Débouté Mme [G] de l’intégralité de ses demandes à l’exception de celle relative au préjudice de jouissance, de réduction du montant du loyer et des accessoires ;
Condamné solidairement M. et Mme [J] à payer à Mme [G] la somme de 5 000 euros au titre de son préjudice de jouissance ;
Fixé le loyer que doit payer Mme [G] à compter du 4 septembre 2019 à la somme de 580 euros ;
Condamné in solidum solidairement M. et Mme [J] à payer à Mme [G] la somme de 800 euros au titre des dispositions de l’article 700 du code de procédure civile ;
Condamné in solidum solidairement M. et Mme [J] aux entiers dépens de l’instance ;
Dit que l’exécution provisoire et de droit.
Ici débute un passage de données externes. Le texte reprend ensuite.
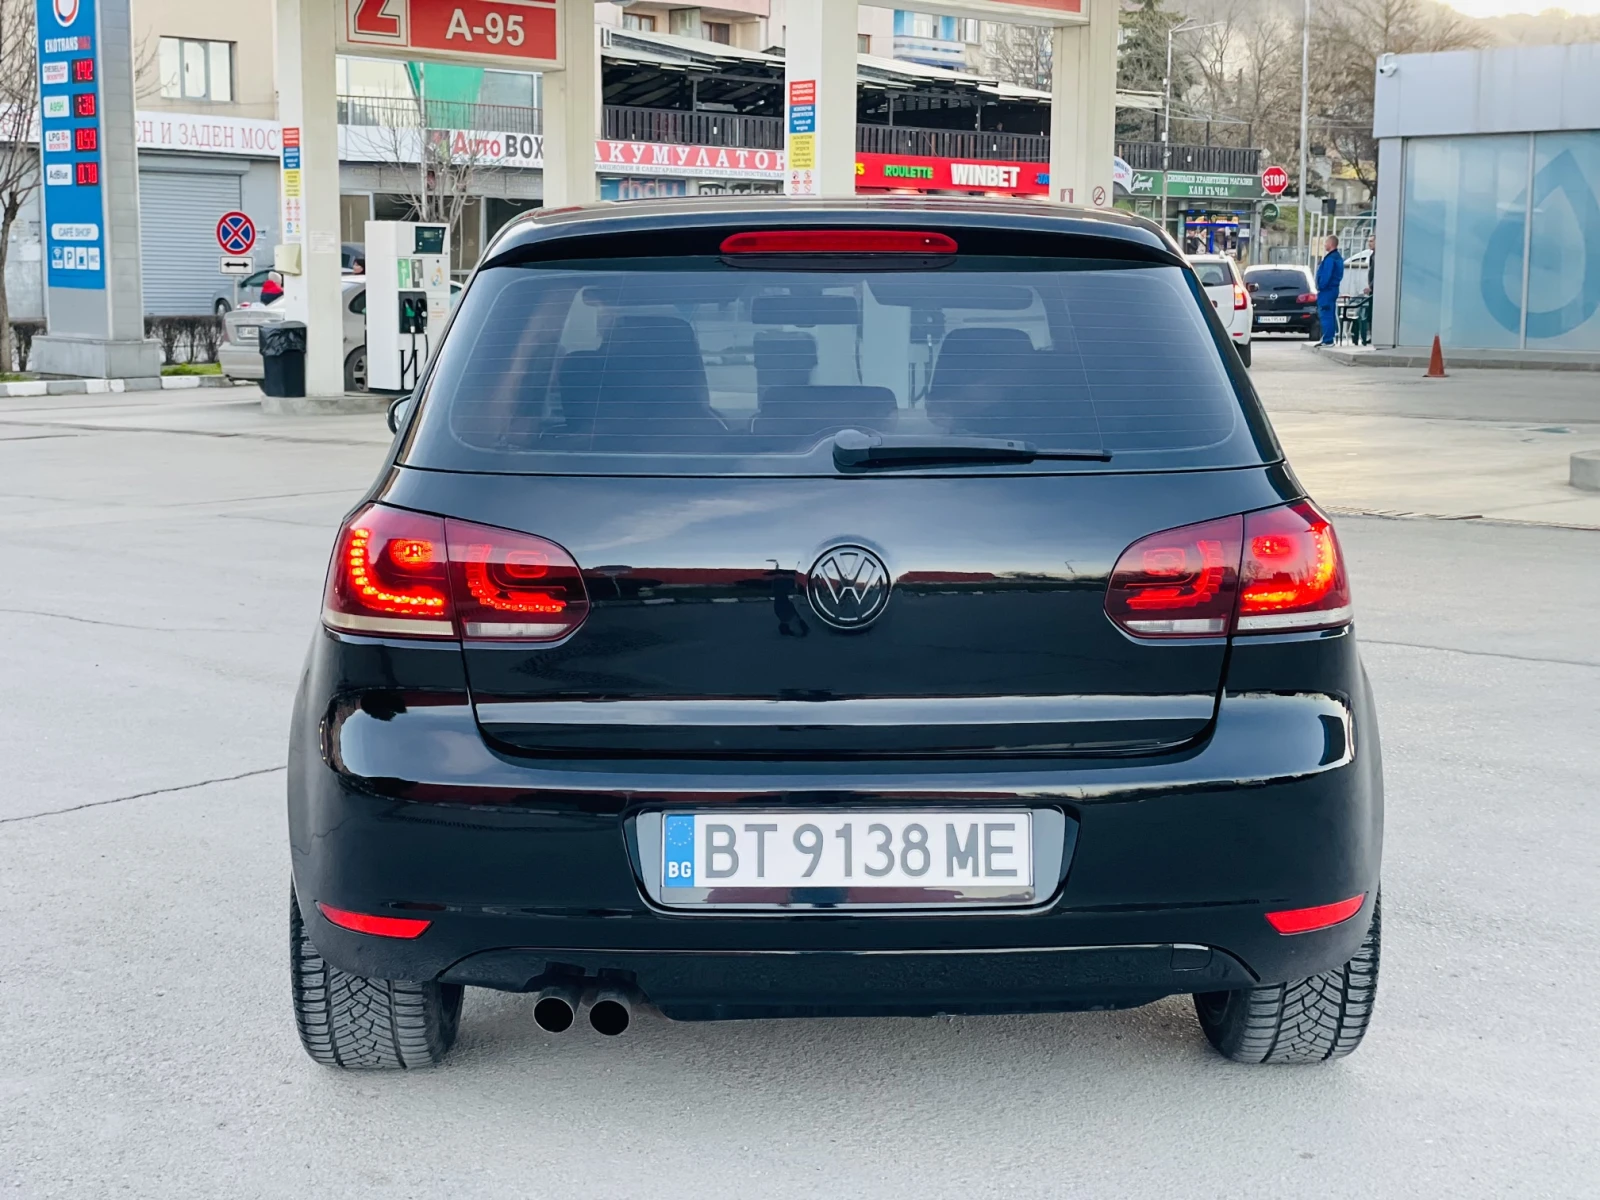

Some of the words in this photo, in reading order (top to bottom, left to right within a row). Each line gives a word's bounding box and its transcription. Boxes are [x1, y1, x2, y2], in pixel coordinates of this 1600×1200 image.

Mme [G] a interjeté appel de cette décision.
Par arrêt contradictoire en date du 13 septembre 2022, la cour d’appel d’Amiens a :
Confirmé le jugement en ce qu’il a débouté Mme [G] de l’intégralité de ses demandes à l’exception de celles relatives au préjudice de jouissance et de réduction du loyer ;
Infirmé le jugement en ce qu’il a :
Condamné solidairement M. et Mme [J] à payer à Mme [G] la somme de 5 000 euros de dommages et intérêts au titre de son préjudice de jouissance ;
Fixé le loyer que doit payer Mme [G] à compter du 4 septembre 2019 à la somme de 580 euros ;
Condamné M. et Mme [J] aux dépens et à payer la somme de 800 euros en application de l’article 700 du code de procédure civile ;
Statuant à nouveau,
Rejeté toutes les demandes formées par Mme [G] tant en première instance qu’en appel ;
Condamné Mme [G] aux dépens de première instance et d’appel et à payer la somme de 2 000 euros en application de l’article 700 du code de procédure civile à M. et Mme [J].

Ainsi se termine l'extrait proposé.